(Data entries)
----

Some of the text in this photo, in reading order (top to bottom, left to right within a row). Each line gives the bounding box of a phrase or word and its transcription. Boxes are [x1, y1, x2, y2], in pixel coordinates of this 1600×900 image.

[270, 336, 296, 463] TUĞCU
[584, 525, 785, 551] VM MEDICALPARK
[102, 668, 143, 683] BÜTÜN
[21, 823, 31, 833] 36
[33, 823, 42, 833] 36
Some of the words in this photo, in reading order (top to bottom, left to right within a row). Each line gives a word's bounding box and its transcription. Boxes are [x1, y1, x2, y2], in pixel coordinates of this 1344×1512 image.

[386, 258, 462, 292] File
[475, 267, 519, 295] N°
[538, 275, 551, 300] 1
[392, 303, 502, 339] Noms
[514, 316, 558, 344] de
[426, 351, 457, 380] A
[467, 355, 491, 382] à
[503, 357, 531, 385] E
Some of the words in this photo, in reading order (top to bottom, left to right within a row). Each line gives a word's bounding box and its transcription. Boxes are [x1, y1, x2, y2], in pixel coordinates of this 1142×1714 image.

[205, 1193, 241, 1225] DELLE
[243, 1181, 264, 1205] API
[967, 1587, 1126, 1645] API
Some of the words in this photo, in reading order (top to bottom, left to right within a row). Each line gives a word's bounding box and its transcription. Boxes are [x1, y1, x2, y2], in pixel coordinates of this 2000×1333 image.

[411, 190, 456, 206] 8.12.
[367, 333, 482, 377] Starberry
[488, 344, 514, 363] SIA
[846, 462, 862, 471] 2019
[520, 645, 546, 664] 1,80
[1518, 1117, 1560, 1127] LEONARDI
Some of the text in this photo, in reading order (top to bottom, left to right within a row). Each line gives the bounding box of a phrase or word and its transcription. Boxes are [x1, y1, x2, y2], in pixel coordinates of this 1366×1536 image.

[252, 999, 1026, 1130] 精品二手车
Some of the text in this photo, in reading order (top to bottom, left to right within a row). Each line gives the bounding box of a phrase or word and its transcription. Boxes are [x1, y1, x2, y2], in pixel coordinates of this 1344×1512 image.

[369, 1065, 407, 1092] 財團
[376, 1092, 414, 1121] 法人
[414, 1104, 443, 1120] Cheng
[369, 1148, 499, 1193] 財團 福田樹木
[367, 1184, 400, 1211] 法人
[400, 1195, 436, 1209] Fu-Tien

----

Write every entry out again exactly.

Some of the text in this photo, in reading order (top to bottom, left to right within a row). Each line gives the bounding box of a phrase or word and its transcription. Boxes are [x1, y1, x2, y2], in pixel coordinates of this 1600×900 image.

[270, 336, 296, 463] TUĞCU
[584, 525, 785, 551] VM MEDICALPARK
[102, 668, 143, 683] BÜTÜN
[21, 823, 31, 833] 36
[33, 823, 42, 833] 36
Some of the words in this photo, in reading order (top to bottom, left to right within a row). Each line gives a word's bounding box and its transcription. Boxes are [x1, y1, x2, y2], in pixel coordinates of this 1344×1512 image.

[386, 258, 462, 292] File
[475, 267, 519, 295] N°
[538, 275, 551, 300] 1
[392, 303, 502, 339] Noms
[514, 316, 558, 344] de
[426, 351, 457, 380] A
[467, 355, 491, 382] à
[503, 357, 531, 385] E
Some of the words in this photo, in reading order (top to bottom, left to right within a row). Each line gives a word's bounding box and its transcription. Boxes are [x1, y1, x2, y2], in pixel coordinates of this 1142×1714 image.

[205, 1193, 241, 1225] DELLE
[243, 1181, 264, 1205] API
[967, 1587, 1126, 1645] API
Some of the words in this photo, in reading order (top to bottom, left to right within a row). Each line gives a word's bounding box and its transcription. Boxes are [x1, y1, x2, y2], in pixel coordinates of this 2000×1333 image.

[411, 190, 456, 206] 8.12.
[367, 333, 482, 377] Starberry
[488, 344, 514, 363] SIA
[846, 462, 862, 471] 2019
[520, 645, 546, 664] 1,80
[1518, 1117, 1560, 1127] LEONARDI
Some of the text in this photo, in reading order (top to bottom, left to right within a row). Each line gives the bounding box of a phrase or word and its transcription. Boxes are [x1, y1, x2, y2], in pixel coordinates of this 1366×1536 image.

[252, 999, 1026, 1130] 精品二手车
Some of the text in this photo, in reading order (top to bottom, left to right within a row). Each line gives the bounding box of a phrase or word and its transcription. Boxes are [x1, y1, x2, y2], in pixel coordinates of this 1344×1512 image.

[369, 1065, 407, 1092] 財團
[376, 1092, 414, 1121] 法人
[414, 1104, 443, 1120] Cheng
[369, 1148, 499, 1193] 財團 福田樹木
[367, 1184, 400, 1211] 法人
[400, 1195, 436, 1209] Fu-Tien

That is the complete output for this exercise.